## Records to use
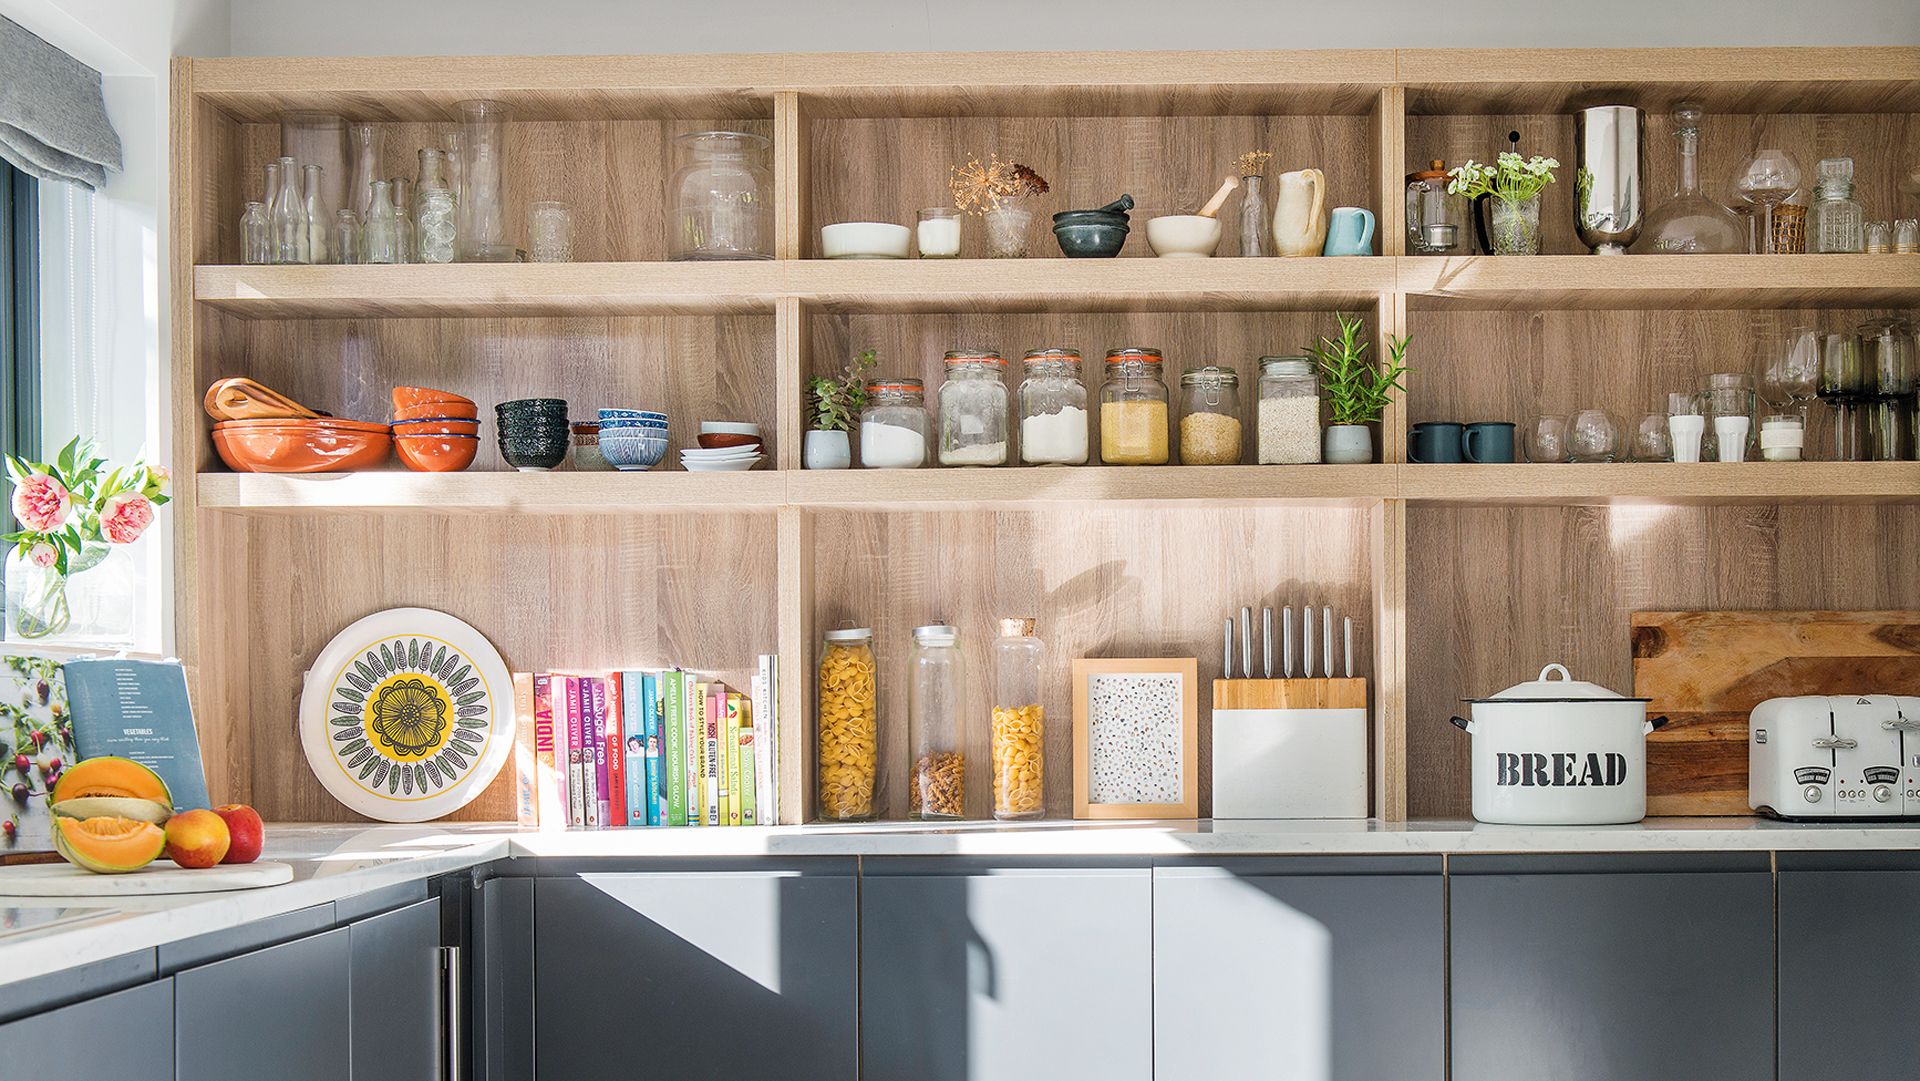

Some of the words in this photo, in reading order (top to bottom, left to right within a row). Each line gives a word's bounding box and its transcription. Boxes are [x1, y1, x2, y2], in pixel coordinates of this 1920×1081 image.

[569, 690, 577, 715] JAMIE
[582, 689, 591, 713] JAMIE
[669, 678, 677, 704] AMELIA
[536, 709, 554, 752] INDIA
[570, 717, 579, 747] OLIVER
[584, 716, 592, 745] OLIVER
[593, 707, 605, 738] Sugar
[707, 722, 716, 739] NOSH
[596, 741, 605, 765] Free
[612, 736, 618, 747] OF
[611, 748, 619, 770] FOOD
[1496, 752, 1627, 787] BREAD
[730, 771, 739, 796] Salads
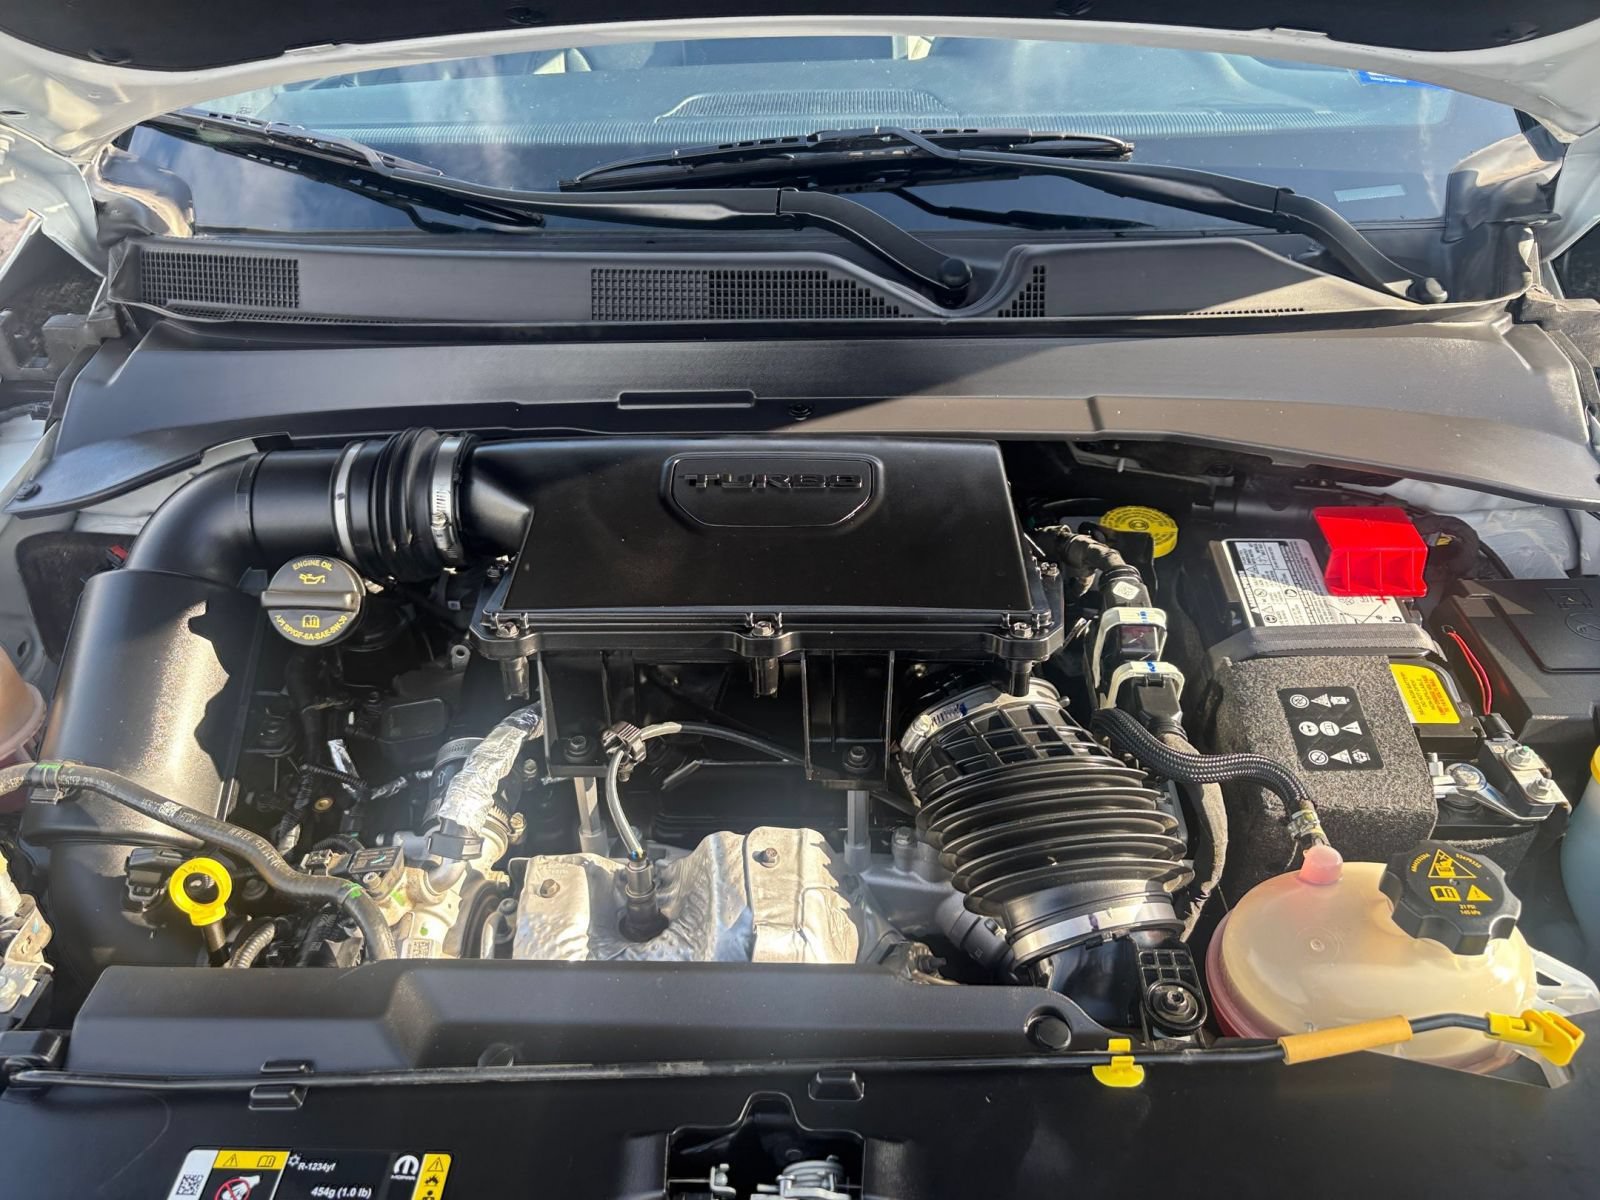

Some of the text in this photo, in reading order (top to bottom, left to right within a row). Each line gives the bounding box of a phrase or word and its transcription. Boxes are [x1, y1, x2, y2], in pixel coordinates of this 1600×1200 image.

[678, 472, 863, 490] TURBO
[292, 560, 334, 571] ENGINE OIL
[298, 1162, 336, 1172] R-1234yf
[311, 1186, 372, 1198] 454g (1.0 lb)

## What the task asks
Each entry should be set down exactly, pictures excluded.

## Result for this exercise
Some of the words in this photo, in reading order (top to bottom, left to right within a row). Each line gives a word's bounding box and its transcription. Boxes are [x1, y1, x2, y2], in pixel coordinates of this 1920×1081 image.

[569, 690, 577, 715] JAMIE
[582, 689, 591, 713] JAMIE
[669, 678, 677, 704] AMELIA
[536, 709, 554, 752] INDIA
[570, 717, 579, 747] OLIVER
[584, 716, 592, 745] OLIVER
[593, 707, 605, 738] Sugar
[707, 722, 716, 739] NOSH
[596, 741, 605, 765] Free
[612, 736, 618, 747] OF
[611, 748, 619, 770] FOOD
[1496, 752, 1627, 787] BREAD
[730, 771, 739, 796] Salads

Some of the text in this photo, in reading order (top to bottom, left to right within a row). Each line gives the bounding box of a phrase or word and its transcription. Boxes are [x1, y1, x2, y2], in pixel coordinates of this 1600×1200 image.

[678, 472, 863, 490] TURBO
[292, 560, 334, 571] ENGINE OIL
[298, 1162, 336, 1172] R-1234yf
[311, 1186, 372, 1198] 454g (1.0 lb)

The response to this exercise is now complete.